Mahroni is a town and a nagar panchayat in Lalitpur district in the Indian state of Uttar Pradesh. It is one of the tehsils of Lalitpur District also a legislative assembly constituency Mehroni Assembly constituency and is situated 37 km away from Lalitpur. It is very close to Madhya Pradesh and Uttar Pradesh border.

==Geography==
Mahroni ( PIN 284405, STD CODE 05172 ) is a tehsil of Lalitpur District. It is about 37 km. from Lalitpur and 21 km from Tikamgarh (one of the 55 districts of Madhya Pradesh). The nearest railway station is the Tikamgarh Station.

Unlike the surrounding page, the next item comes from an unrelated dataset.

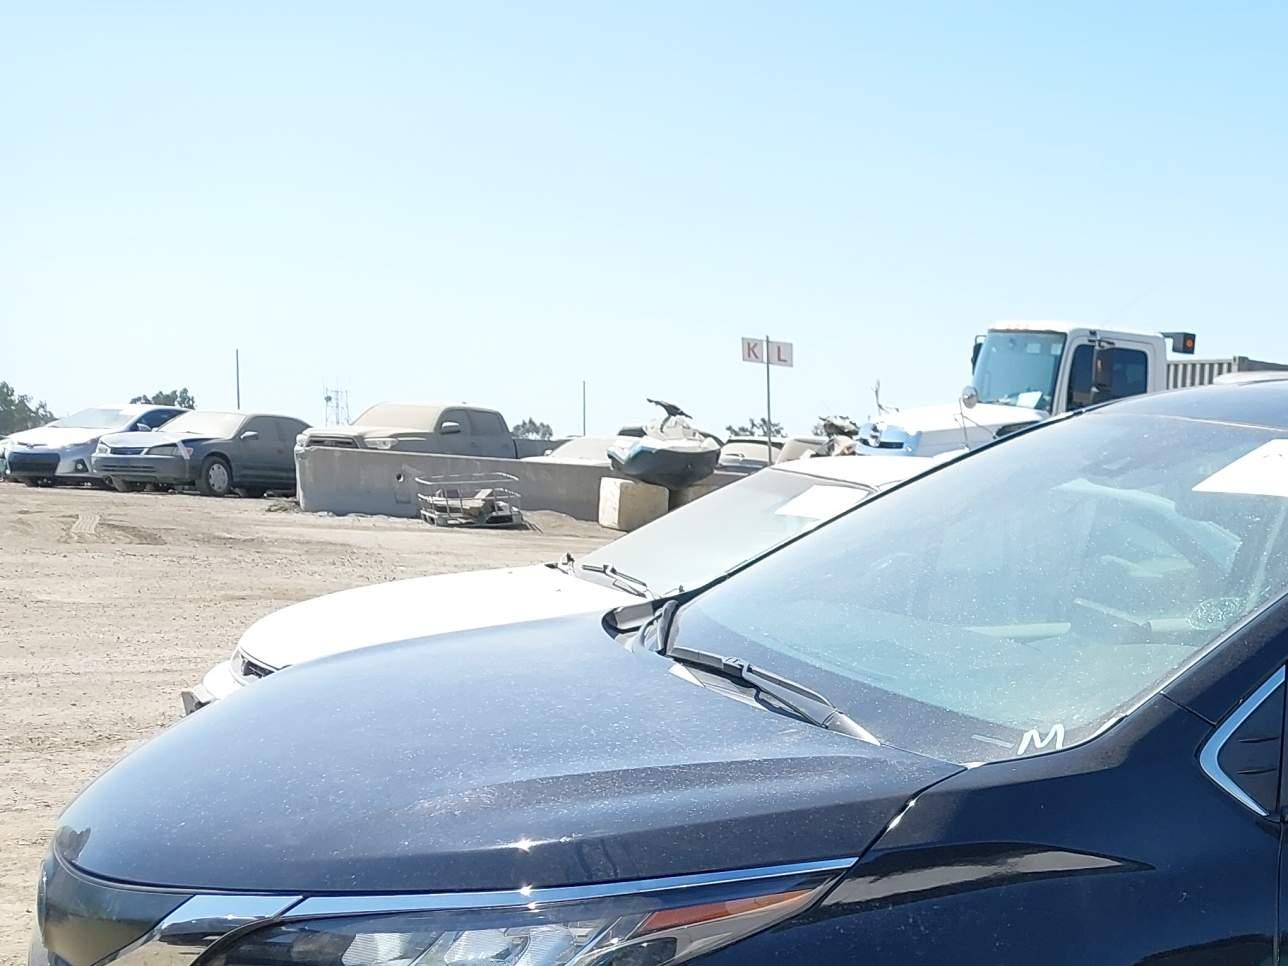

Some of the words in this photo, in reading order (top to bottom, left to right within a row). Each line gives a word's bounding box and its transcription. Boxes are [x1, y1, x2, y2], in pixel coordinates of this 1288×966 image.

[747, 341, 759, 359] K
[776, 345, 788, 363] L
[1017, 723, 1065, 755] M
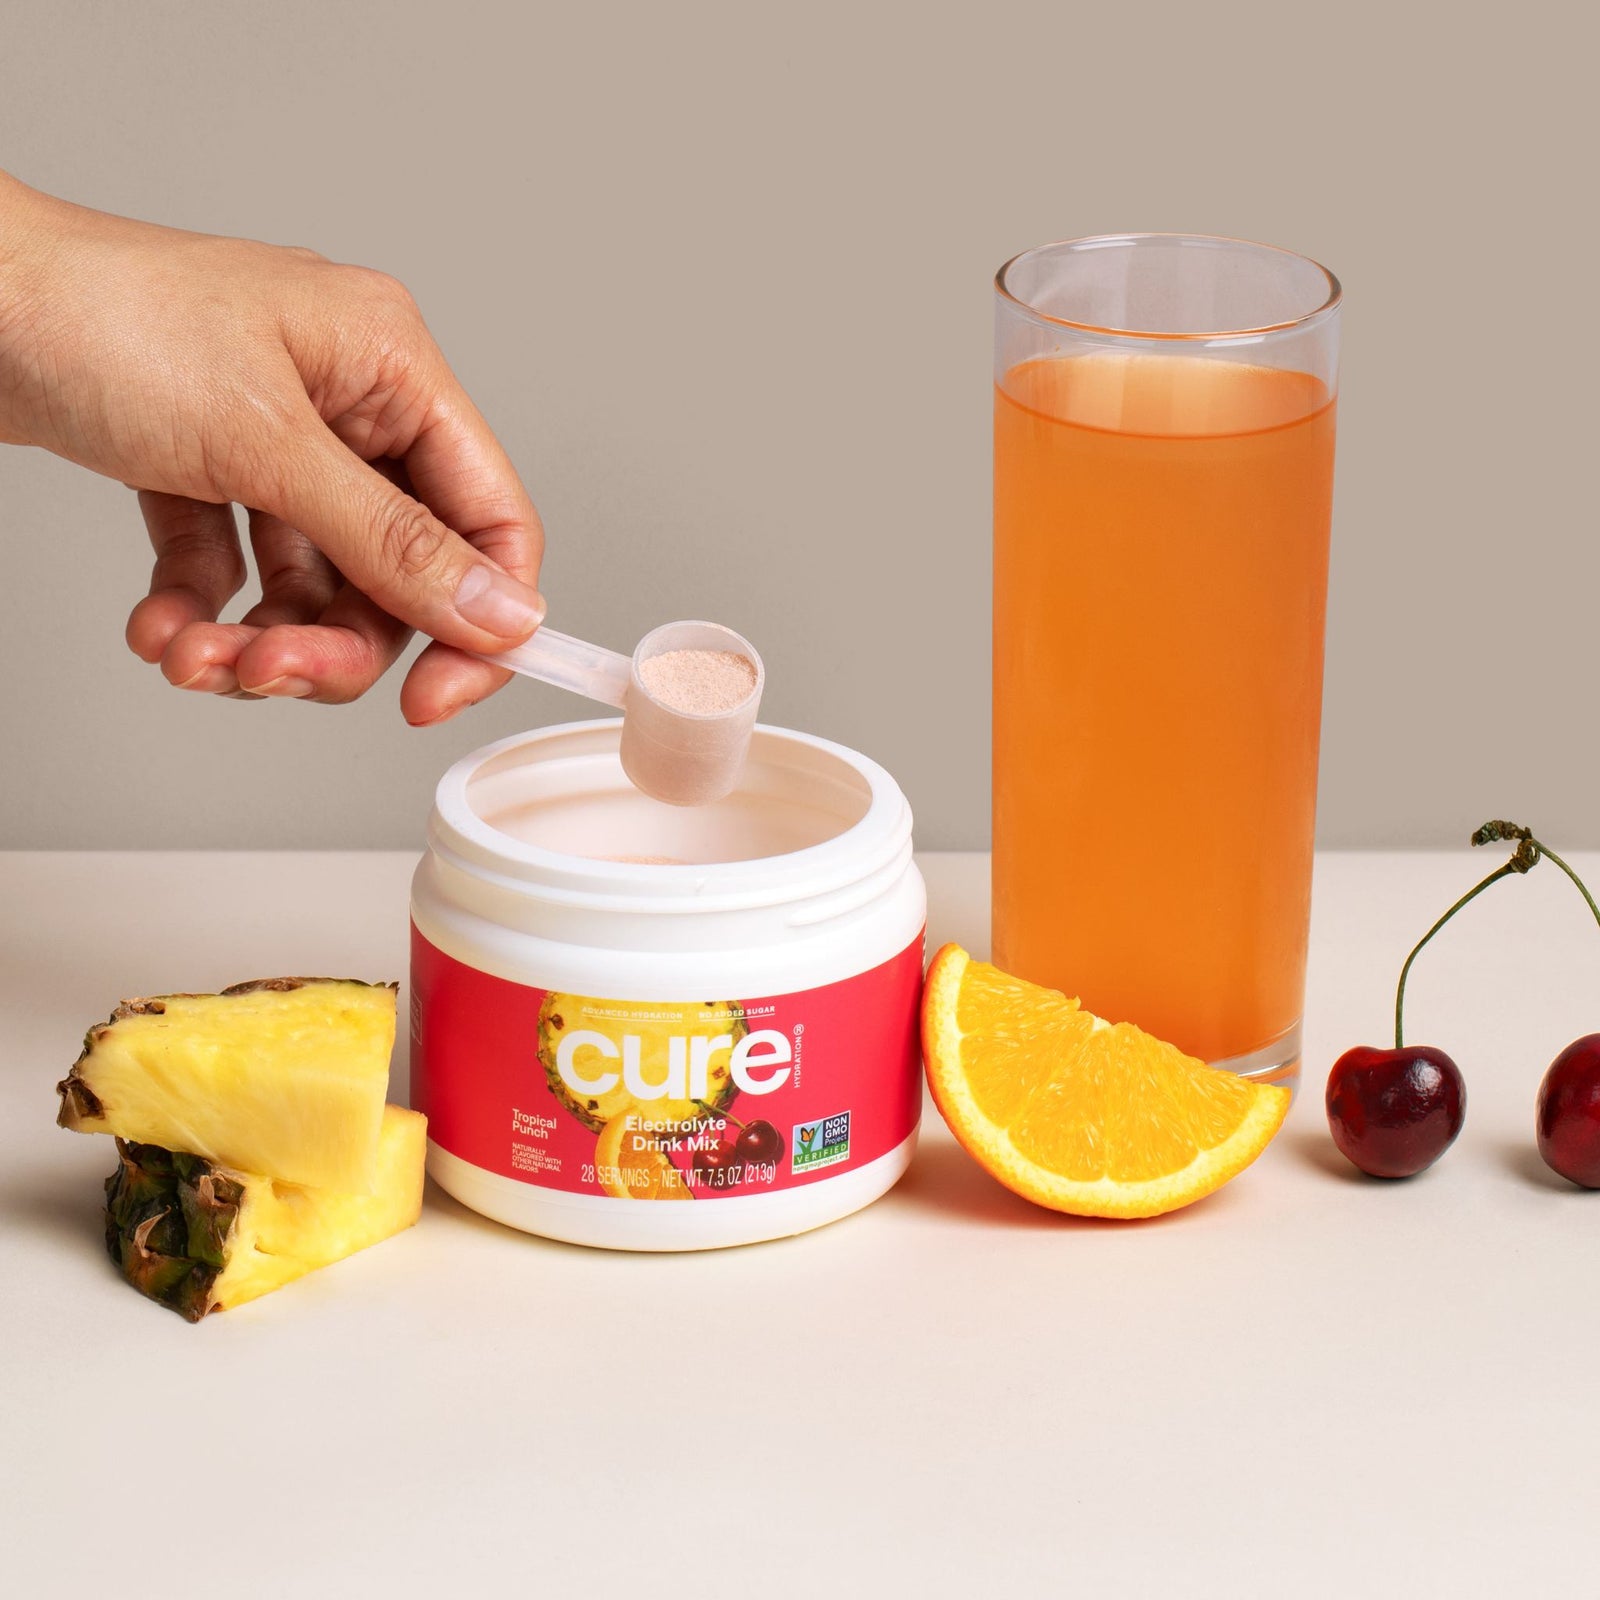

Mahroni is about 14 km from Kundeshwar Mahadev temple, an important Hindu religious site for locals.

==Demographics==
As of the 2001 Census of India, Mahroni had a population of 8647. Males constitute 53% of the population and females 47%. Mahroni has an average literacy rate of 67%, higher than the national average of 59.5%: male literacy is 76%, and female literacy is 56%. In Mahroni, 16% of the population is under 6 years of age.

Mannu kori (State Minister) BJP won the election with 1,00,000 VOTES by defeating feran lal(BSP)
With the help of Bjp workers.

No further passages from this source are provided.